* **Your goal**: Every record below should be repeated exactly. Omit the pictures.

* **Provided records**:
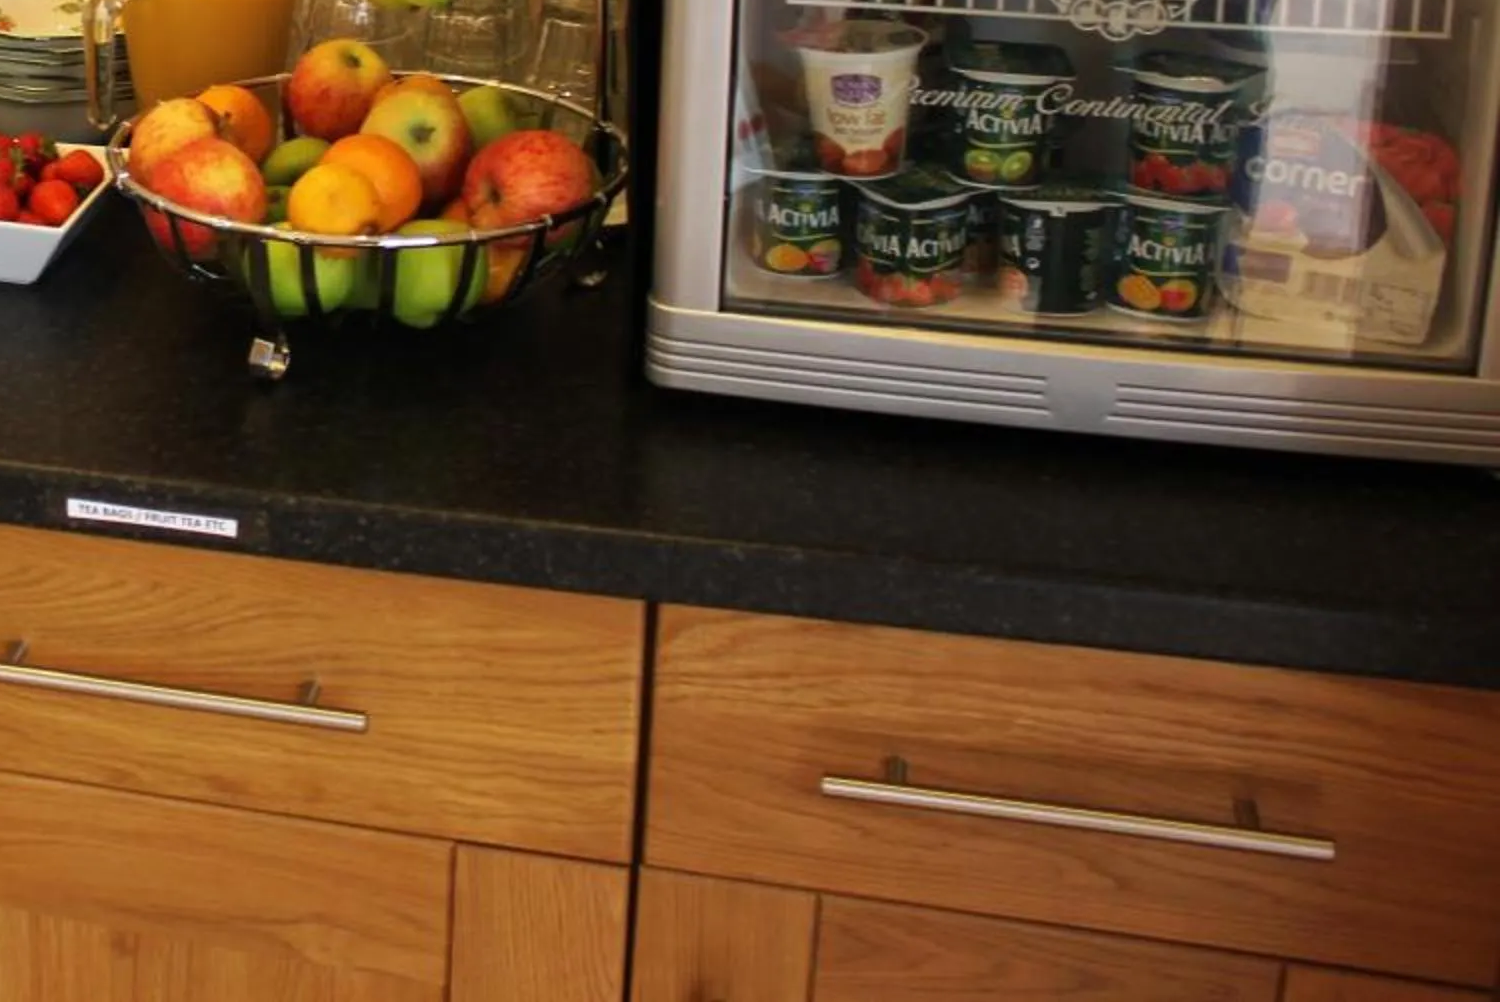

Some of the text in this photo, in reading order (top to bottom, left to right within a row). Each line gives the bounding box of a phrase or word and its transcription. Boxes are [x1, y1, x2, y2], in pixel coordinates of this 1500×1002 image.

[1035, 83, 1236, 124] Continental
[966, 108, 1043, 136] ACTIVIA
[1245, 155, 1367, 198] corner
[768, 203, 840, 229] ACTIVIA
[1127, 234, 1205, 265] ACTIVIA
[77, 503, 99, 516] TEA
[145, 511, 177, 526] FRUIT
[181, 515, 201, 528] TEA
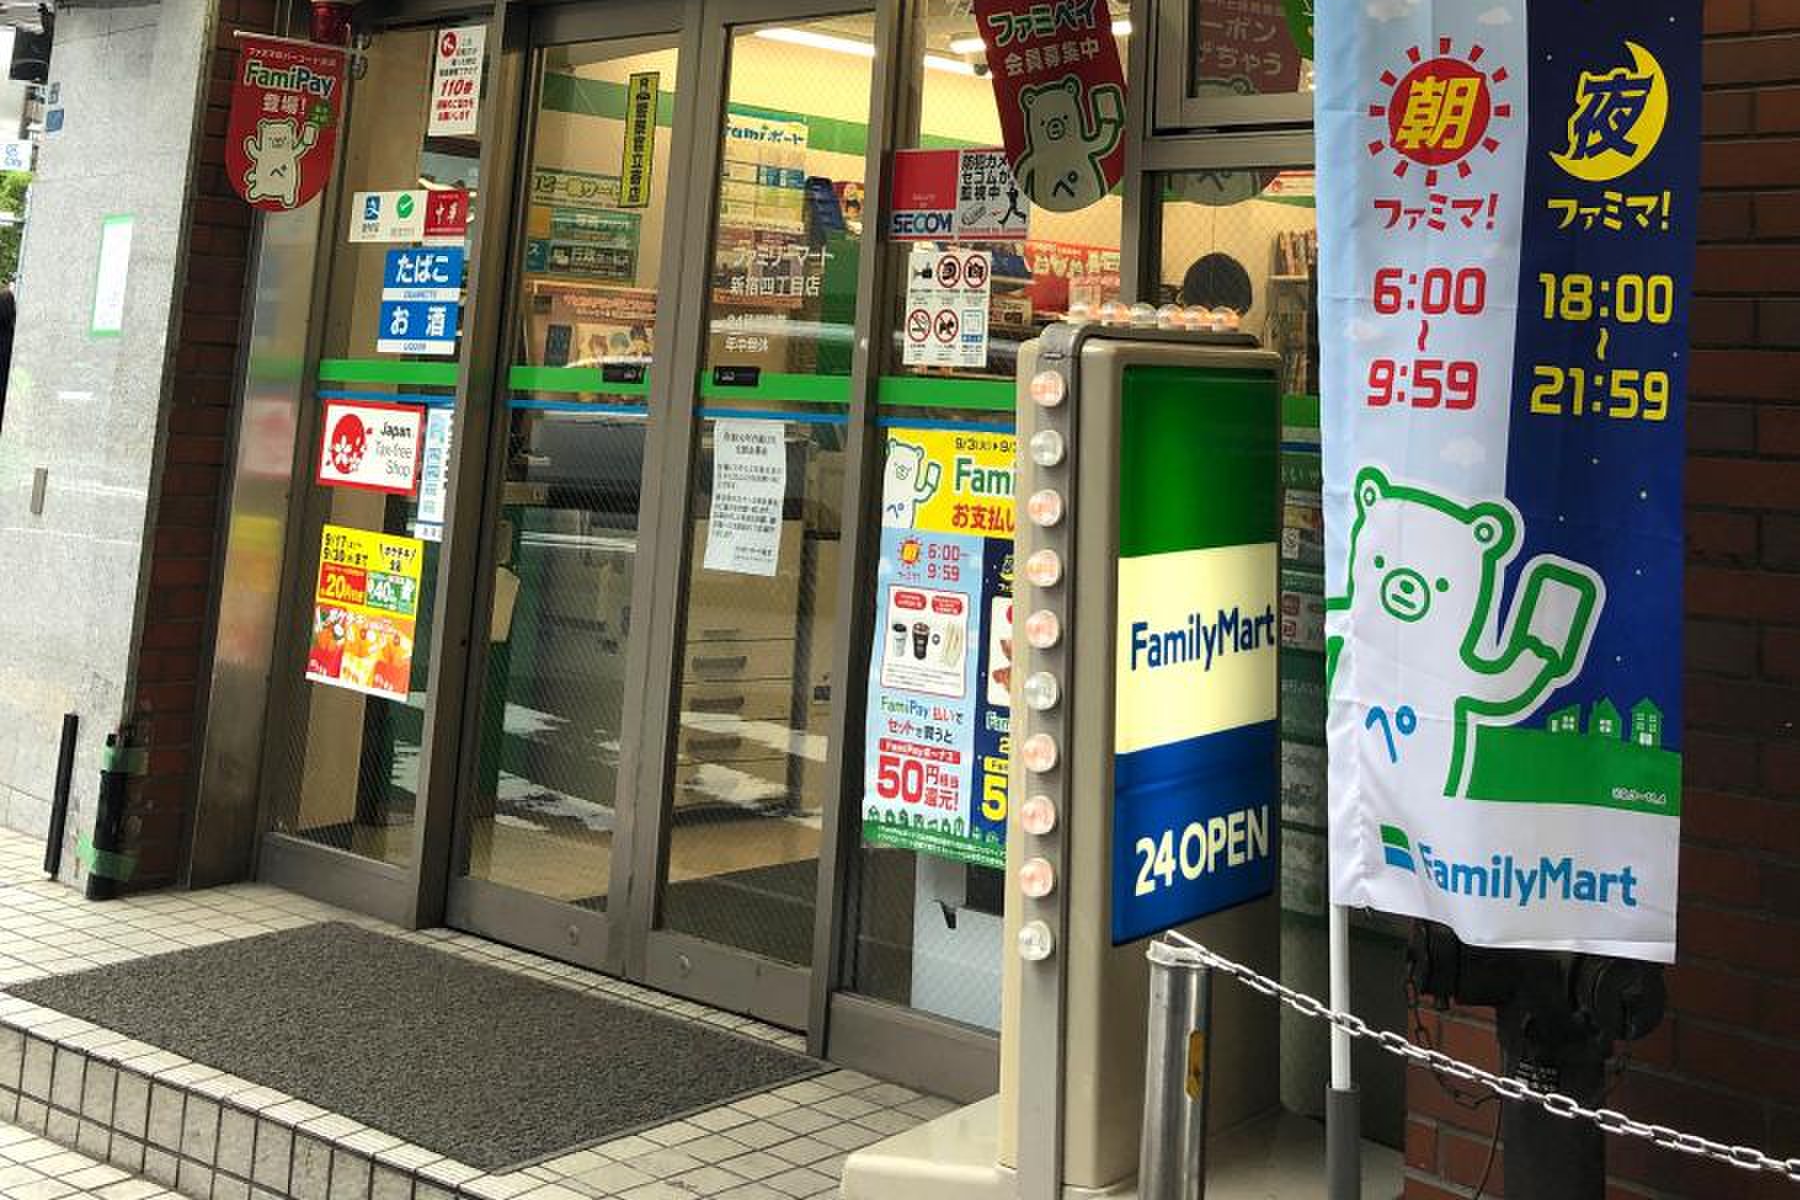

* **Your response**:
Some of the text in this photo, in reading order (top to bottom, left to right within a row). Each line gives the bounding box of a phrase or word and its transcription. Boxes are [x1, y1, x2, y2], in pixel coordinates of this 1500×1002 image.

[1035, 83, 1236, 124] Continental
[966, 108, 1043, 136] ACTIVIA
[1245, 155, 1367, 198] corner
[768, 203, 840, 229] ACTIVIA
[1127, 234, 1205, 265] ACTIVIA
[77, 503, 99, 516] TEA
[145, 511, 177, 526] FRUIT
[181, 515, 201, 528] TEA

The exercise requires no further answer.